I’ve heard of most of these, but some are new to me. Punch a puppy? Apparently it means ‘do something detestable but good for the business’.

Unfortunately, the financial services industry is full of jargon. In this article, we explain ‘total return investing’ and why it’s good for you.

WTF is total return investing?

Total return investing means investing for dividends, interest, growth AND lower costs – because your returns can come from any or a combination of these.

That’s why, instead of viewing your income and investments separately, we adopt a portfolio-wide approach that takes three important aspects into account:

  • Interest or dividends you withdraw or reinvest
  • Share price when purchased compared with current value
  • Cost of taxes and other expenses

In practice, here’s what we do for you

  • Asset allocation: Investing in or avoiding asset classes expected to deliver higher returns, but with higher risk
  • Diversification: Managing risk by spreading your holdings across multiple asset classes around the world
  • Wrapper selection: Minimising taxes by putting inefficient holdings in favourable accounts, and efficient holdings in taxable accounts

Balancing stocks and bonds

If you want to chase higher returns, you must accept the higher risk that goes with them.

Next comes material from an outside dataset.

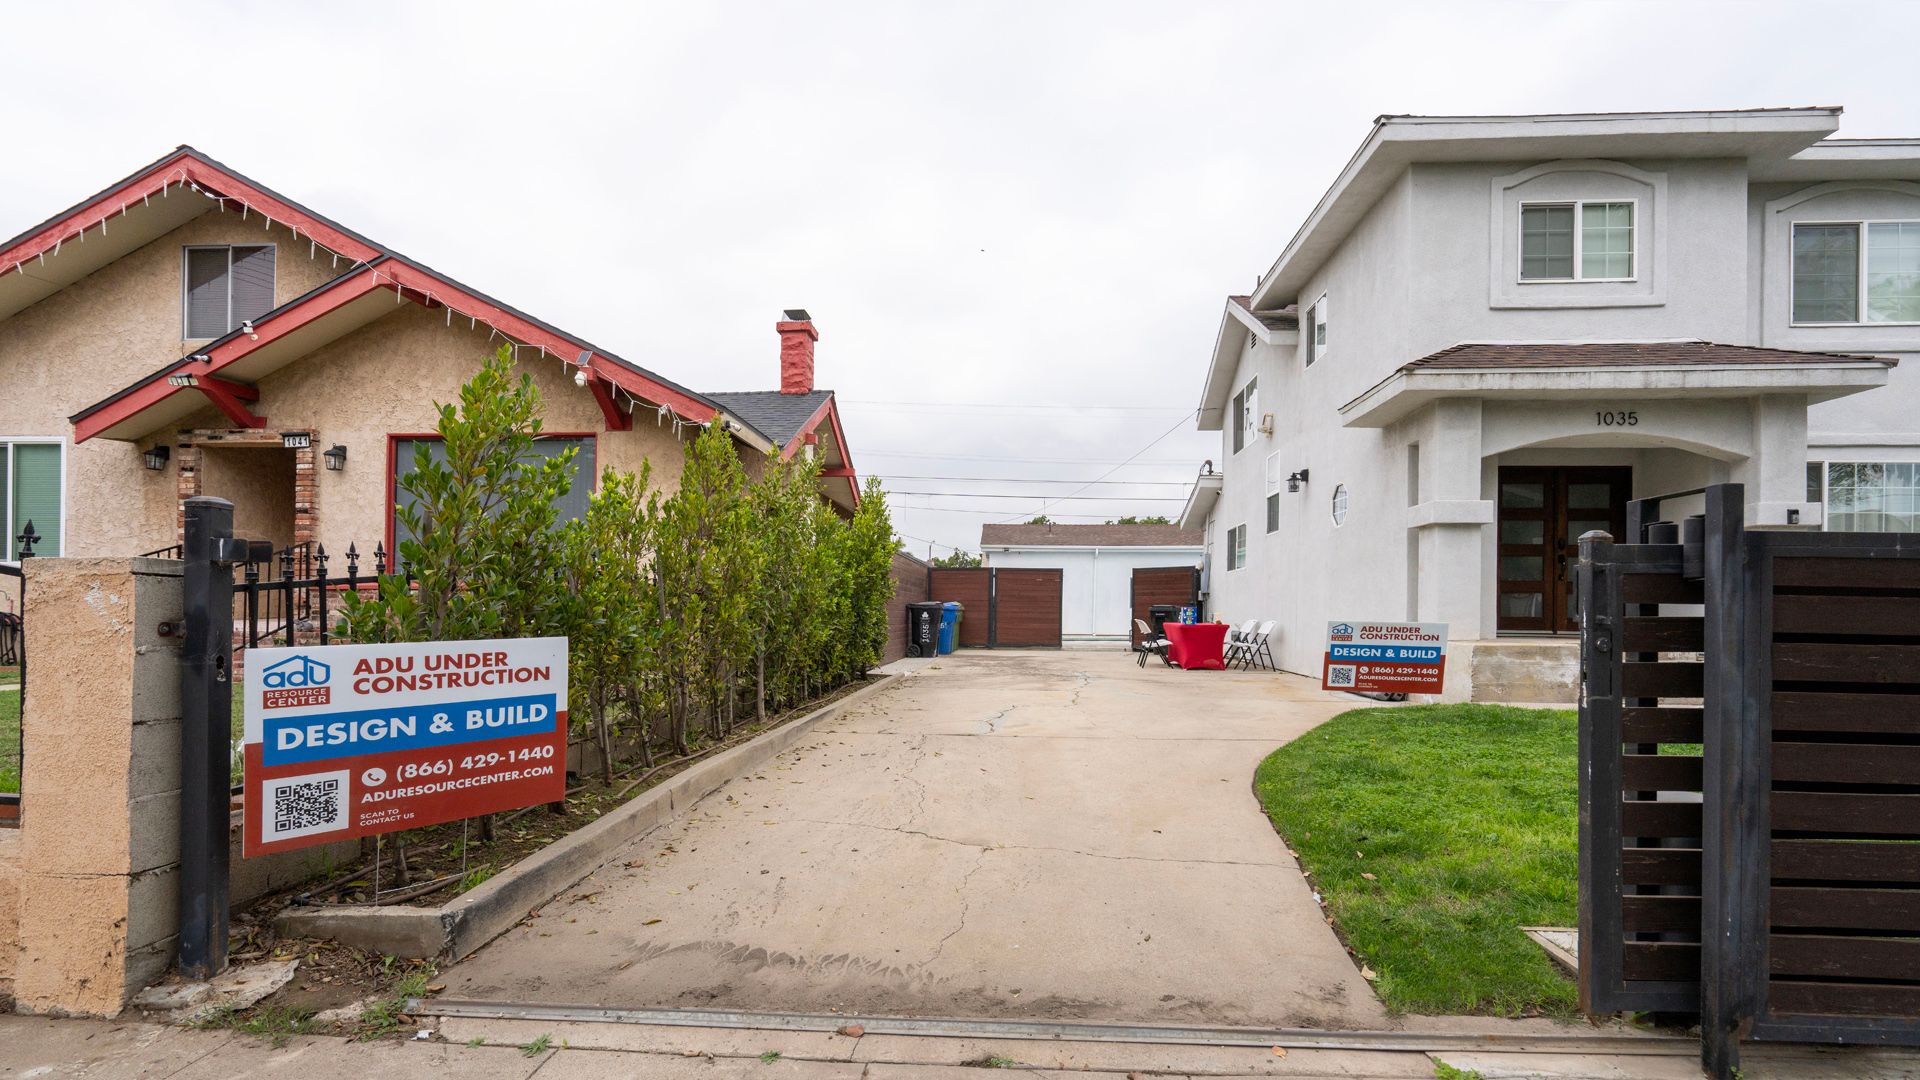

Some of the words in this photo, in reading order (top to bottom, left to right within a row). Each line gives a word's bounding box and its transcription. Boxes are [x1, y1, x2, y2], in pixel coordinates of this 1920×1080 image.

  • Dividend-yielding stocks can be risky, because a stock grows (or falls) as the business grows (or falls). Remember, any dividends a company pays out reduce its assets and future earning power. As you will know if you have been reading our articles regularly, you will be rewarded by a well-planned and patient ‘buy, hold and re-balance’ strategy.
  • A high-yield bond is like making a loan with interest, but the quality can be poor. As markets change, you could find yourself locked into a low interest rate. And, if the borrower defaults, you lose everything.

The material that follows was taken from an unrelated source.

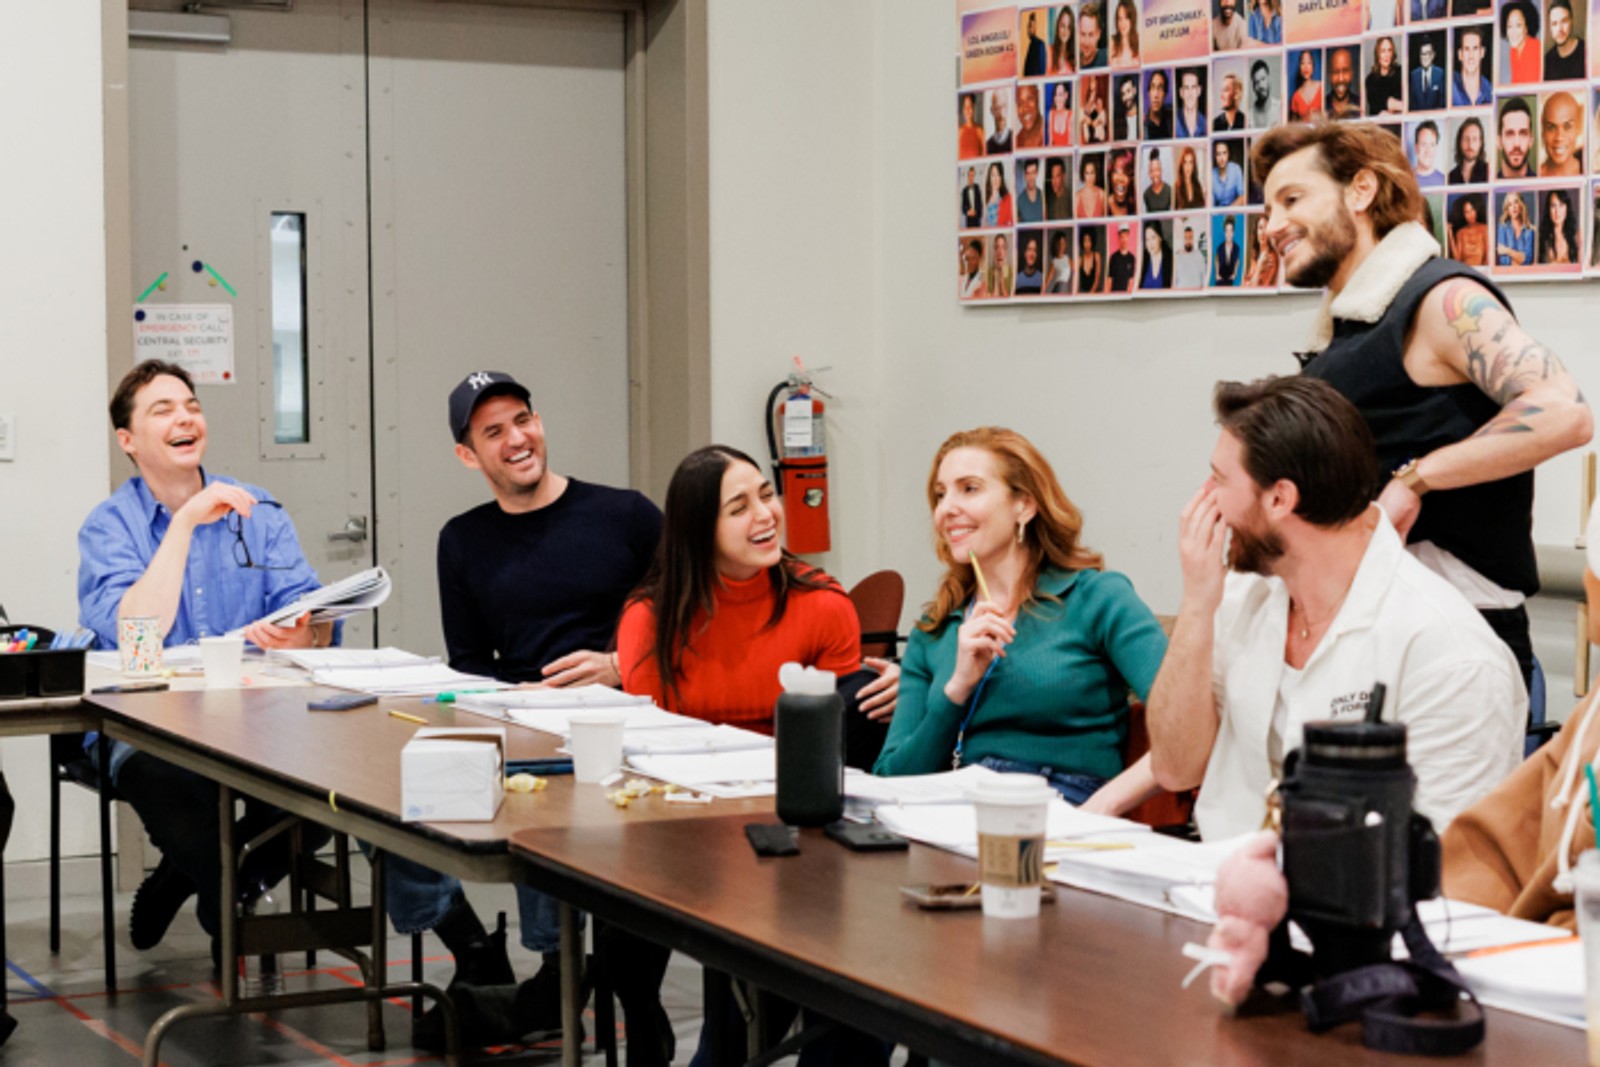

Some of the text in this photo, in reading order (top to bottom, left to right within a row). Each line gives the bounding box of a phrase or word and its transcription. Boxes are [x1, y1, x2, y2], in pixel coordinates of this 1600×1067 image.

We therefore recommend you take any risks on the stock (equity) side of your portfolio, offsetting the risks with high quality, fixed income, short-to mid-term bonds.

You’d be barking not to.

But don’t just take our word for it. Here’s how Vanguard describes total return investing:

“Many investors focus on the yield or income generated from their investments as the foundation for what they have available to spend… The challenge today, and going forward, is that yields for most investments are historically low… We conclude that moving from an income or ‘yield’ focus to a total-return approach may be the better solution.”

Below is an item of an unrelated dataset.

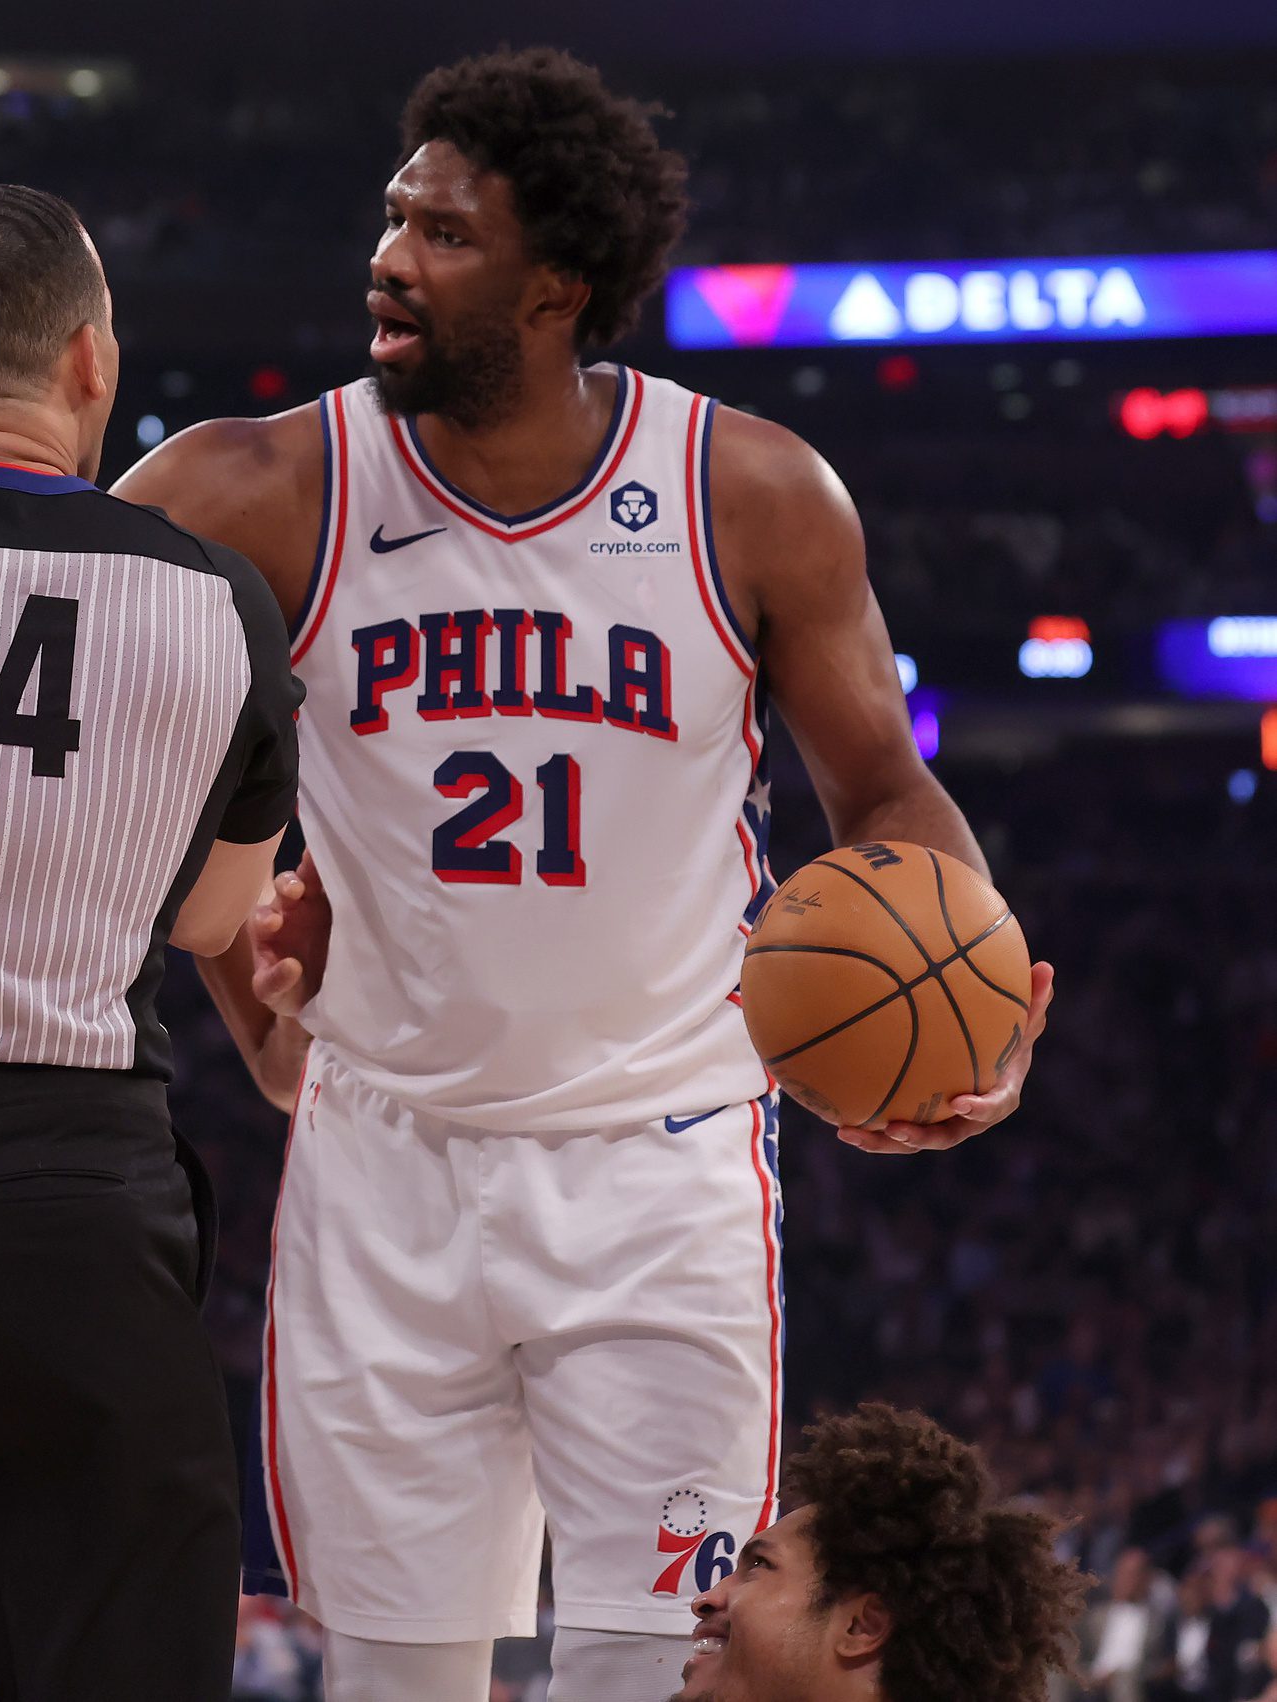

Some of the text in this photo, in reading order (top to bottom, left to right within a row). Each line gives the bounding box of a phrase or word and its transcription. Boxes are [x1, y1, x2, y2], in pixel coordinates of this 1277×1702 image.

Source: Total-return investing: An enduring solution for low yields


Whatever happens, you need an investment strategy that will withstand the ebbs and flows of the marketplace. So:

  • Don’t just look at the anticipated income or yield
  • Don’t focus only on cashflow in retirement, if that means you pay higher tax
  • Don’t depend on stocks or bonds alone

Remember, the precise investment strategy that’s right for you will depend on your own personal circumstances.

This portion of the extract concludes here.